Exercise description »
Copy out, exactly and with nothing else, the stretch of lines that starts at the line containing "this 1724×1436 image." and finishes at the end of the data.

Provided data »
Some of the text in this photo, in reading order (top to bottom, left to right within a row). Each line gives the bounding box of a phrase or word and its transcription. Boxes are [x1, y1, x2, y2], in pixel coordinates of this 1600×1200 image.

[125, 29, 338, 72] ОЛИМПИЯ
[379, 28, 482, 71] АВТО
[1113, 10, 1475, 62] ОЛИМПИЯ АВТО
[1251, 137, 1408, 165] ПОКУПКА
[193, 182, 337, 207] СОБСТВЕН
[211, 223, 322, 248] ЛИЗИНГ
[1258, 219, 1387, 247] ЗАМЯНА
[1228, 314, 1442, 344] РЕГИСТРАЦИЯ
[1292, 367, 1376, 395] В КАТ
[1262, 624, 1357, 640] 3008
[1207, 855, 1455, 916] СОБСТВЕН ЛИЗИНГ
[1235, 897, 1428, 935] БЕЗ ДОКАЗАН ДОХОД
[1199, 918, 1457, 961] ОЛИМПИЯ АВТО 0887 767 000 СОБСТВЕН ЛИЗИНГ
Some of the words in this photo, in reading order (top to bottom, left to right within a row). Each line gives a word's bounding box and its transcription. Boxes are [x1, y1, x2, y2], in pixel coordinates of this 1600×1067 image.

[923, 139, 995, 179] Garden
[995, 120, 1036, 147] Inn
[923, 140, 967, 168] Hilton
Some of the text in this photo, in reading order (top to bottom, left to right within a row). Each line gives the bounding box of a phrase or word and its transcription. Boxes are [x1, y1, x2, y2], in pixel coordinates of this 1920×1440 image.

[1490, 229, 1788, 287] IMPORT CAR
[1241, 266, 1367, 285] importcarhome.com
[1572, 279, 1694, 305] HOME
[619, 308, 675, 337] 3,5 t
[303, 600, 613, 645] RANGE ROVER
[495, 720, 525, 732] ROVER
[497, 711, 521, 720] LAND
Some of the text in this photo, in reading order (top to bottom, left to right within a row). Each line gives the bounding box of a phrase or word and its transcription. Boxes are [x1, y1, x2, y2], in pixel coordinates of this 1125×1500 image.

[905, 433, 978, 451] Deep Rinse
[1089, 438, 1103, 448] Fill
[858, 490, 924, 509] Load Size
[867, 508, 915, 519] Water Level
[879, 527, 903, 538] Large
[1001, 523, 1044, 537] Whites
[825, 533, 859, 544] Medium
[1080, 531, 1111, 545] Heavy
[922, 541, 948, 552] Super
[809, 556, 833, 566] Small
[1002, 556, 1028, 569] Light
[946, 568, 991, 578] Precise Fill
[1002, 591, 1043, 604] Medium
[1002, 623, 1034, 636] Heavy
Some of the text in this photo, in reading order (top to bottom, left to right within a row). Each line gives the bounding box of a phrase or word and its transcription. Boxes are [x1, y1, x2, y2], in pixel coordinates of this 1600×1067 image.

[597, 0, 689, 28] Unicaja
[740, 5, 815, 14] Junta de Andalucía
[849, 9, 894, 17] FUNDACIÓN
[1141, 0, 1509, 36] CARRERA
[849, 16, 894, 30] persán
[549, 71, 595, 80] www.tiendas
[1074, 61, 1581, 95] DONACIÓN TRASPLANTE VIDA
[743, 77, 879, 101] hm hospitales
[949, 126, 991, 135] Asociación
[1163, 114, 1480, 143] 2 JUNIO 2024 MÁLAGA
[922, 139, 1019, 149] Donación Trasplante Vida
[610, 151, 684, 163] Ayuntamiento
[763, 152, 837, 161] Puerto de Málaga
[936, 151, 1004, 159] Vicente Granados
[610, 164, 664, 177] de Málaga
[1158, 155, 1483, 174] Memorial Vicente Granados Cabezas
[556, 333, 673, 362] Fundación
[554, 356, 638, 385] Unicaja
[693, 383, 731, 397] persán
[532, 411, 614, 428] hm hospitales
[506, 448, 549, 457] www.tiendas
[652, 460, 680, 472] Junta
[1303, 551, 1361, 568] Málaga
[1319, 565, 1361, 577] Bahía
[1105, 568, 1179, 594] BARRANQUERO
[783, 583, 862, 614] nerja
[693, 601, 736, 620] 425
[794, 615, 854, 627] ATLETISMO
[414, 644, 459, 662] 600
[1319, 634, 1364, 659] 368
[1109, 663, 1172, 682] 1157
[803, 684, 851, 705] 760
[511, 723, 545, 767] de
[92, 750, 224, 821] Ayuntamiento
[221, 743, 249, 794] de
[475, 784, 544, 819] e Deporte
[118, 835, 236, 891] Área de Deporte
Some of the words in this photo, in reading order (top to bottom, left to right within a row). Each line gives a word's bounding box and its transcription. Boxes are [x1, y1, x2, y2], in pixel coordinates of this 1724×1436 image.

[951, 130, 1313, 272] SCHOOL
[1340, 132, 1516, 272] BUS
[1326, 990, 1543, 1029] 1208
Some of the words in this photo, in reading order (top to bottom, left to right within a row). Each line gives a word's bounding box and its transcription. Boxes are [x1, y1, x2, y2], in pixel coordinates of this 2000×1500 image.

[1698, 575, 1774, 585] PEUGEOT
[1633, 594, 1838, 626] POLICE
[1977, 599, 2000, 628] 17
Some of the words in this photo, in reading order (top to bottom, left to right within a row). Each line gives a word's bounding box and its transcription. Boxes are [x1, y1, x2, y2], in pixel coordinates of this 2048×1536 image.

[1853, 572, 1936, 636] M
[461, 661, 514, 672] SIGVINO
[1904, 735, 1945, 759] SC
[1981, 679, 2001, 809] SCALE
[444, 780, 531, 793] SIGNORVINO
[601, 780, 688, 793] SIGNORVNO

Answer to the problem »
Some of the words in this photo, in reading order (top to bottom, left to right within a row). Each line gives a word's bounding box and its transcription. Boxes are [x1, y1, x2, y2], in pixel coordinates of this 1724×1436 image.

[951, 130, 1313, 272] SCHOOL
[1340, 132, 1516, 272] BUS
[1326, 990, 1543, 1029] 1208
Some of the words in this photo, in reading order (top to bottom, left to right within a row). Each line gives a word's bounding box and its transcription. Boxes are [x1, y1, x2, y2], in pixel coordinates of this 2000×1500 image.

[1698, 575, 1774, 585] PEUGEOT
[1633, 594, 1838, 626] POLICE
[1977, 599, 2000, 628] 17
Some of the words in this photo, in reading order (top to bottom, left to right within a row). Each line gives a word's bounding box and its transcription. Boxes are [x1, y1, x2, y2], in pixel coordinates of this 2048×1536 image.

[1853, 572, 1936, 636] M
[461, 661, 514, 672] SIGVINO
[1904, 735, 1945, 759] SC
[1981, 679, 2001, 809] SCALE
[444, 780, 531, 793] SIGNORVINO
[601, 780, 688, 793] SIGNORVNO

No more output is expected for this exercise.